Si tel était l’espace d’action qui leur est dévolu dans la gestion de leurs pays, nos cadres mériteraient d’être mieux situés, quant à leur rôle et quant à leur place. Ils disposent, d’abord, d’énormes pouvoirs d’action. Ils sont comptables, ensuite, de ce qui se fait de bien ou de mal dans nos pays. Ils ont, enfin, une grande responsabilité dans le développement ou dans le mal développement du Bénin, de l’Afrique.

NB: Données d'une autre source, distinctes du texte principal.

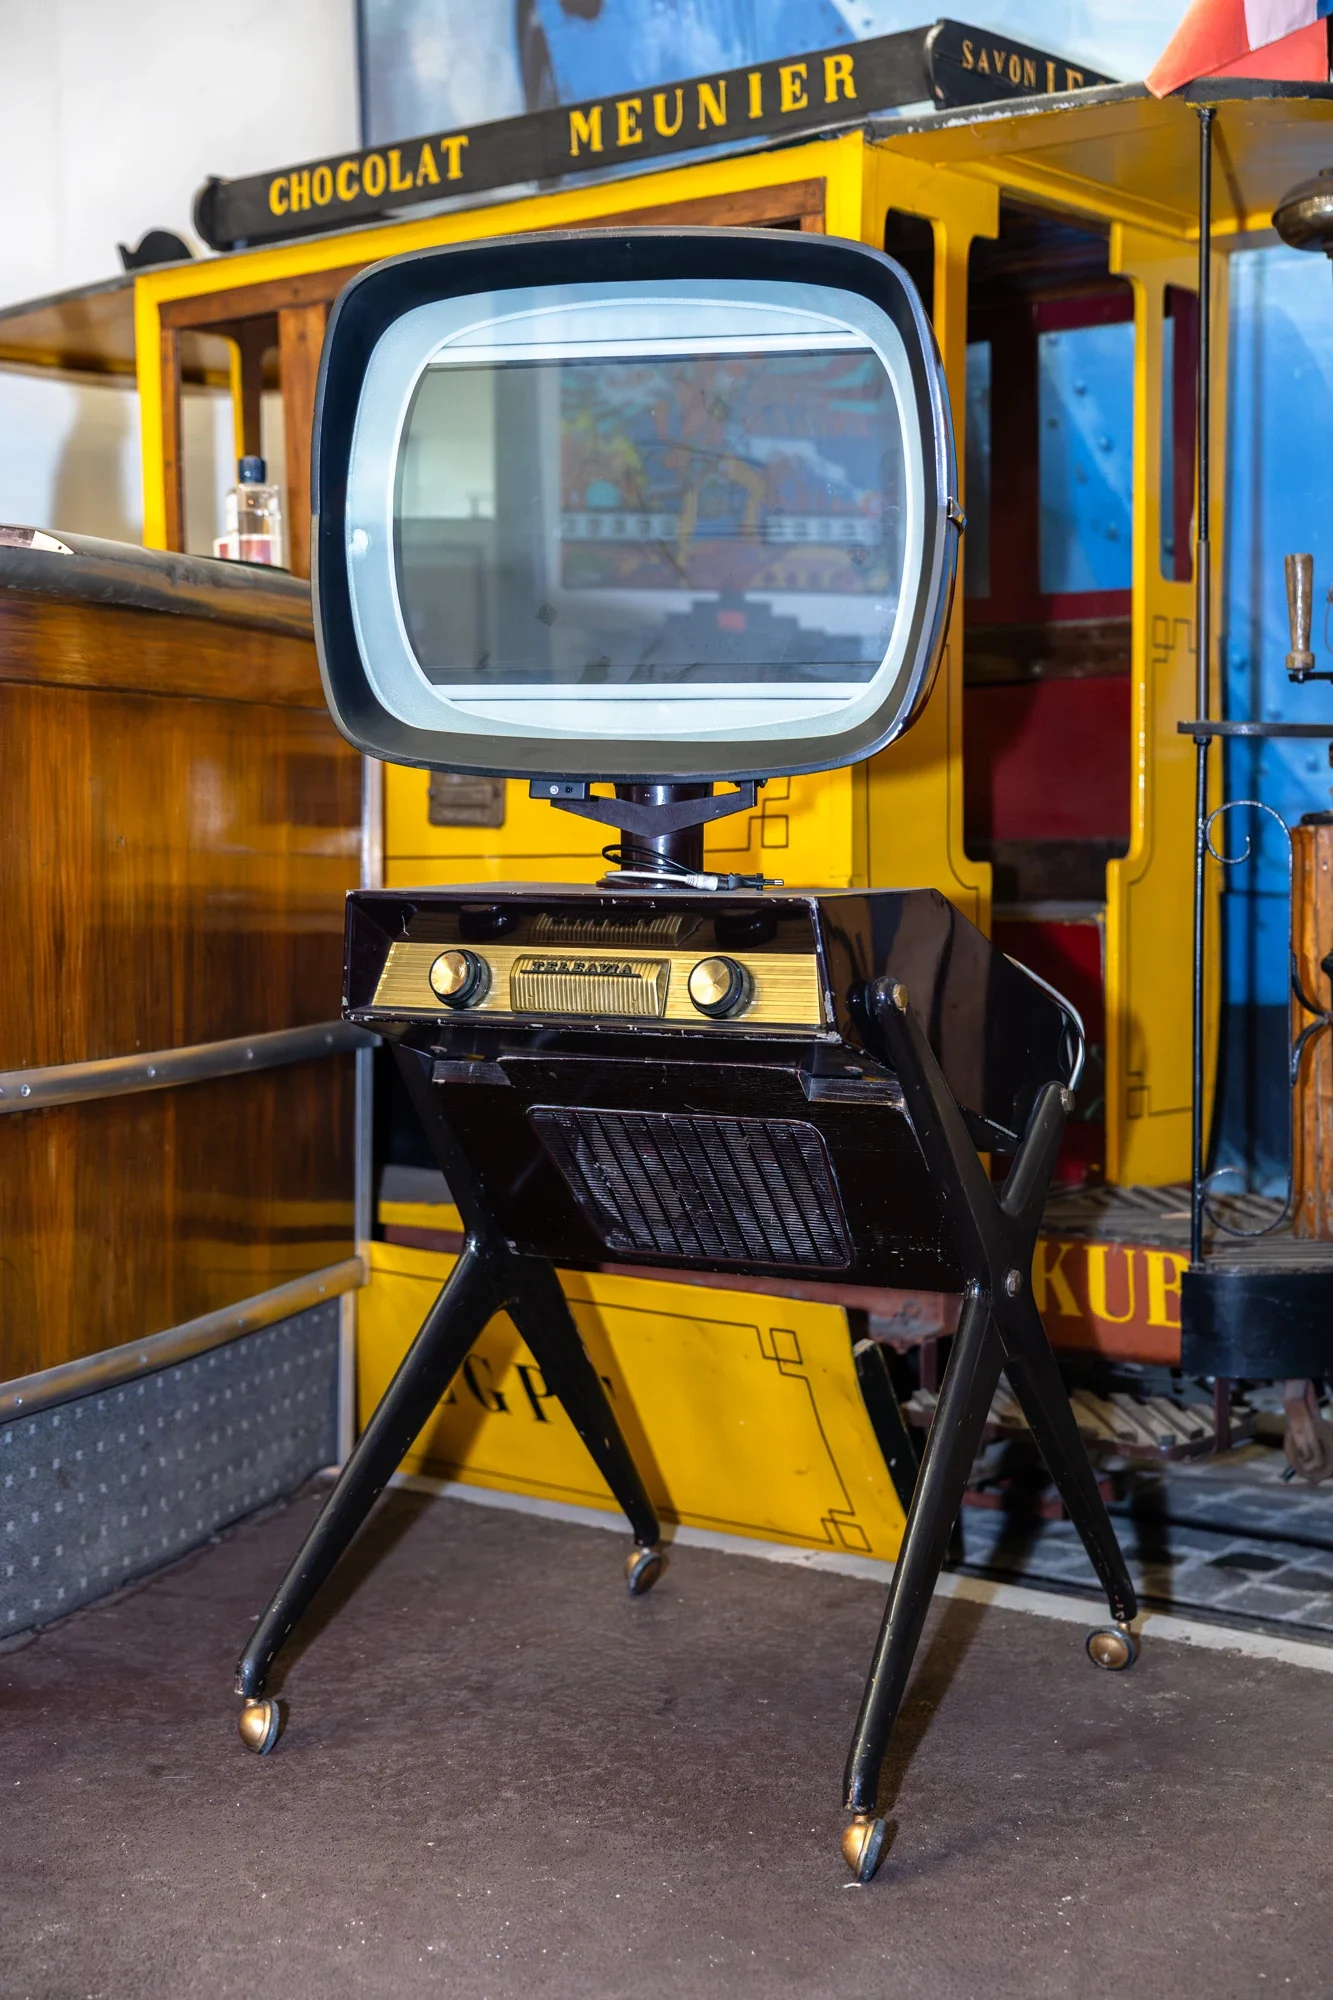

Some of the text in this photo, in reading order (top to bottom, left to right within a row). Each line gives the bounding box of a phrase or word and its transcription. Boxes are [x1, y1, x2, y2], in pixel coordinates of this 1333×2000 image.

[961, 39, 1037, 88] SAVON
[268, 53, 858, 217] CHOCOLAT MEUNIER
[1032, 1240, 1190, 1329] KUB

Or, c’est un fait d’évidence : au Bénin, en Afrique, tout est loin d’être pour le mieux dans le meilleur des mondes. Ne prenons qu’un seul exemple. L’Afrique représente à peine 3% de l’économie mondiale. C’est tout dire : une goutte d’eau dans l’océan. Cela interpelle nos cadres. Cela engage leur responsabilité. Que font-ils de leur pouvoir de direction, de conception, de contrôle ? Pourquoi eux qui ont beaucoup reçu manquent-ils d’être en position de beaucoup donner ? Notre situation de pays pauvres peut s’expliquer au regard des limites de nos cadres, en rapport avec les défaillances de nos cadres.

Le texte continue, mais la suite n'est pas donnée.